Procédure devant la cour :
Par une requête, enregistrée le 13 octobre 2015, la préfète de la Somme demande à la cour :
1°) d'annuler le jugement du magistrat désigné par la présidente du tribunal administratif de Lille du 31 juillet 2015 ;
2°) de rejeter la demande présentée par Mme E...devant le tribunal administratif de Lille.
Elle soutient que c'est à tort que le magistrat ayant statué en première instance a reconnu que le droit à être entendu avant toute adoption d'une mesure défavorable, reconnu comme principe général du droit de l'Union européenne, n'a pas été respecté.
Par un mémoire en défense, enregistré le 31 mars 2016, MmeE..., représentée par Me F...C..., conclut au rejet de la requête, à ce qu'il soit enjoint à la préfète de la Somme de lui délivrer une carte de séjour temporaire dans un délai de quinze jours à compter de la notification de l'arrêt à intervenir, sous astreinte de 150 euros par jour de retard ou, à défaut, de procéder à un nouvel examen de sa situation dans les mêmes conditions et à ce qu'il soit mis à la charge de l'Etat une somme de 2 400 euros sur le fondement de l'article 37 de la loi du 10 juillet 1991.
Elle soutient que :
- le moyen présenté par la préfète de la Somme n'est pas fondé ;
- la décision lui faisant obligation de quitter le territoire français ne mentionne pas le nom et le prénom de l'auteur de l'acte en méconnaissance des dispositions de l'article 4 de la loi du 12 avril 2000 ;
- elle a été prise par une autorité incompétente ;
- elle est entachée d'un défaut d'examen approfondi de sa situation personnelle ;
- elle est entachée d'une erreur manifeste dans l'appréciation de ses conséquences sur sa situation personnelle ;
- la décision de refus de délai de départ volontaire ne mentionne pas le nom et le prénom de l'auteur de l'acte en méconnaissance des dispositions de l'article 4 de la loi du 12 avril 2000 ;
- elle a été prise par une autorité incompétente ;
- elle est illégale à raison de l'illégalité de la décision lui faisant obligation de quitter le territoire français ;
- la décision fixant le pays de destination ne mentionne pas le nom et le prénom de l'auteur de l'acte en méconnaissance des dispositions de l'article 4 de la loi du 12 avril 2000 ;
- elle a été prise par une autorité incompétente ;
- elle est illégale à raison de l'illégalité de la décision lui faisant obligation de quitter le territoire français ;
- la décision de placement en rétention administrative a été prise par une autorité incompétente ;
- elle est illégale à raison de l'illégalité de la décision lui faisant obligation de quitter le territoire français.

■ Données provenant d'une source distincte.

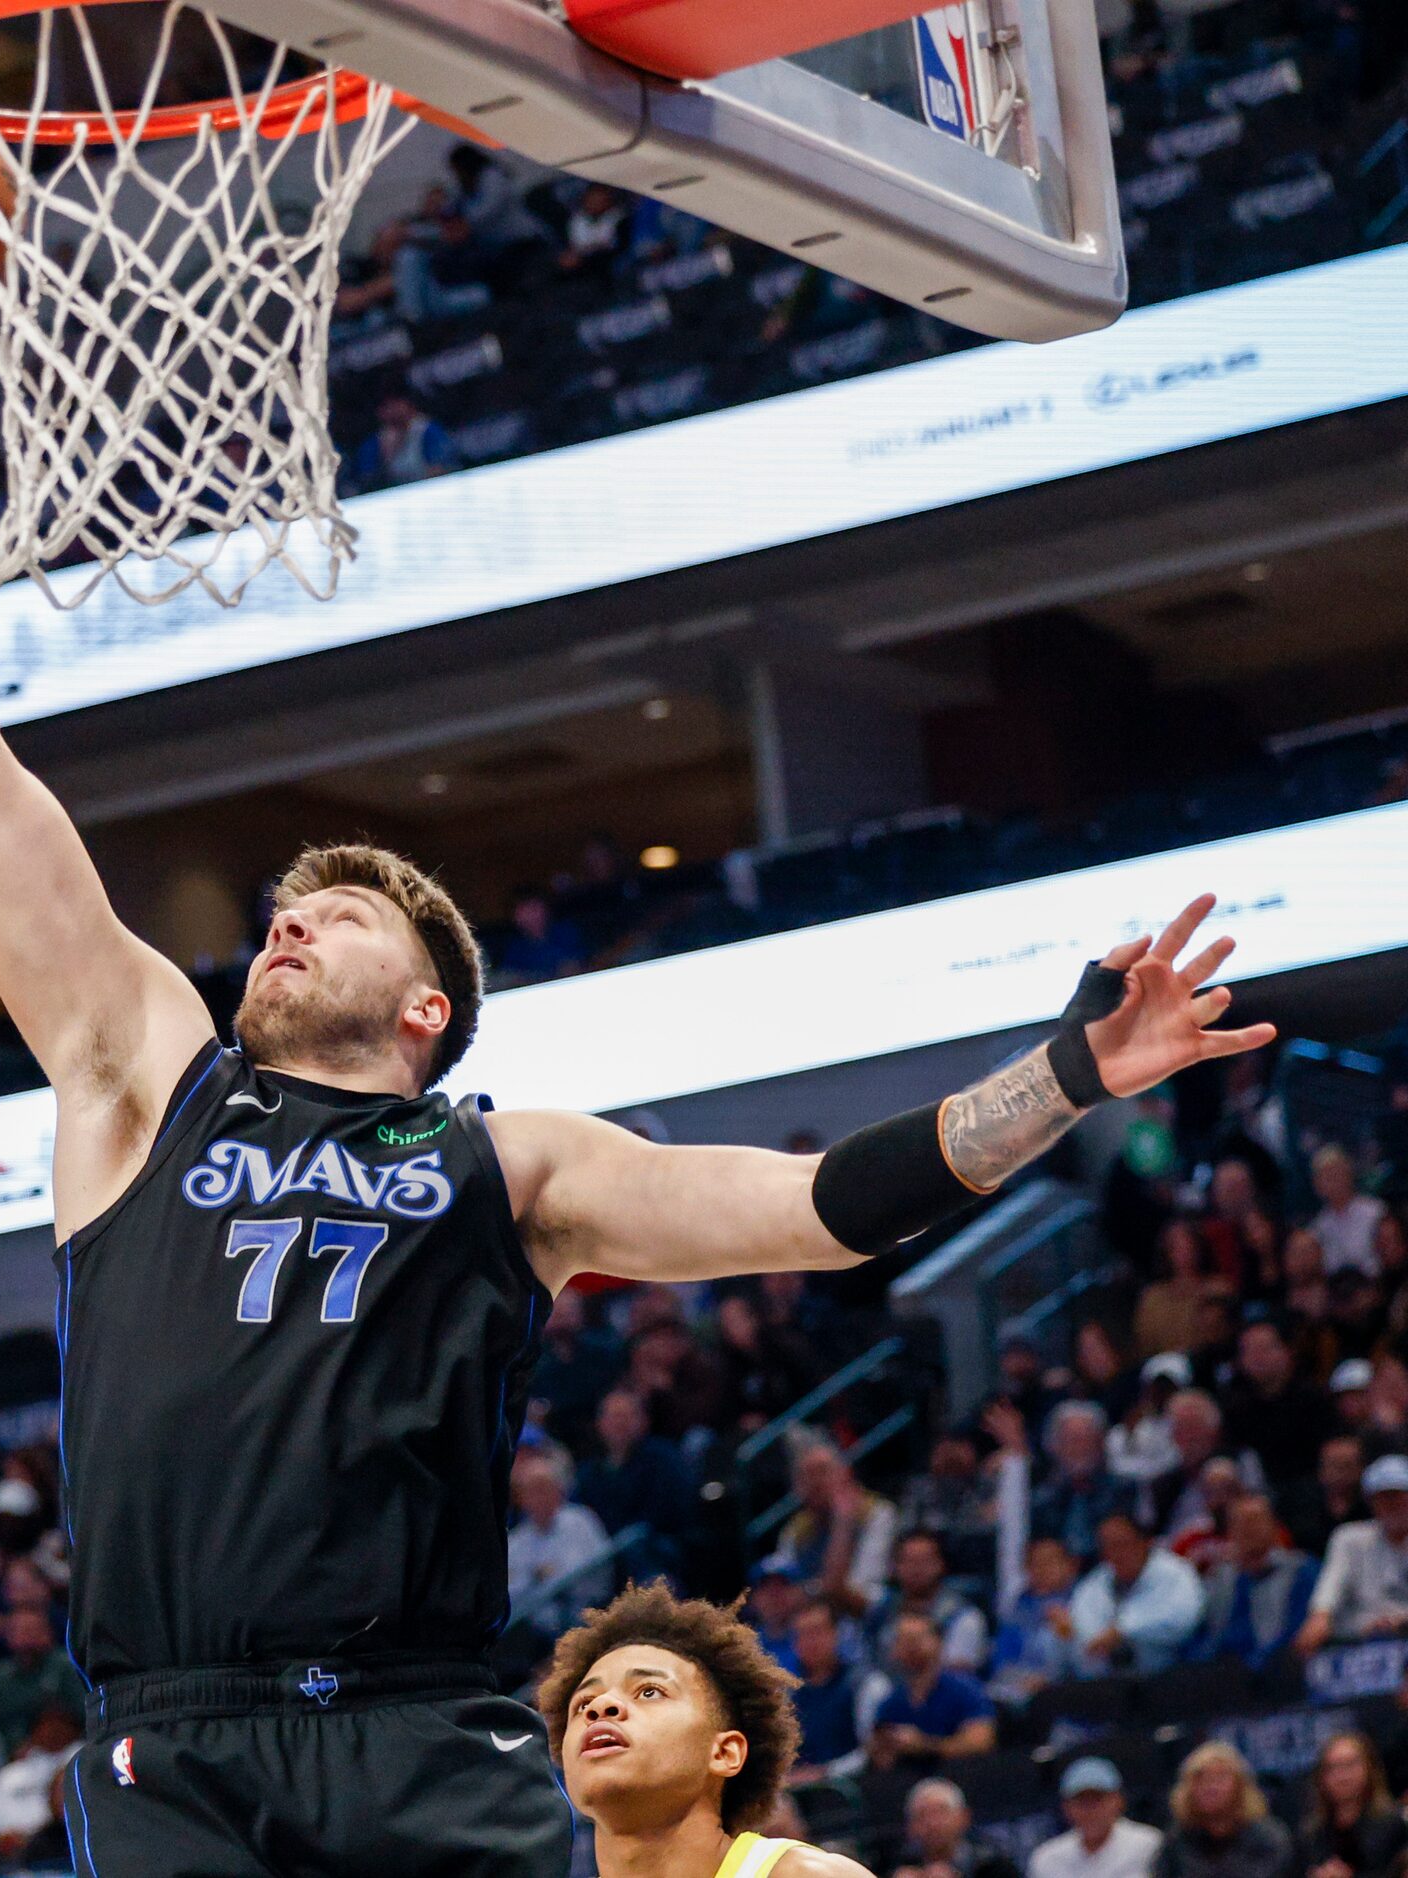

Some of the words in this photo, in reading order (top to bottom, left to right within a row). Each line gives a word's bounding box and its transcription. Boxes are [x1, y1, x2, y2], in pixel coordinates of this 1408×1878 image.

Mme E...a été admise au bénéfice de l'aide juridictionnelle totale par une décision du 2 mai 2016.
Vu les autres pièces du dossier.
Vu :
- la convention européenne de sauvegarde des droits de l'homme et des libertés fondamentales ;
- la Charte des droits fondamentaux de l'Union européenne ;
- la directive 2008/115/CE du 16 décembre 2008 ;
- le code de l'entrée et du séjour des étrangers et du droit d'asile ;
- la loi n° 2000-321 du 12 avril 2000 ;
- la loi n° 91-647 du 10 juillet 1991 ;
- le code de justice administrative.
Le président de la formation de jugement a dispensé le rapporteur public, sur sa proposition, de prononcer des conclusions à l'audience.
Les parties ont été régulièrement averties du jour de l'audience.
A été entendu au cours de l'audience publique, le rapport de Mme Muriel Milard, premier conseiller.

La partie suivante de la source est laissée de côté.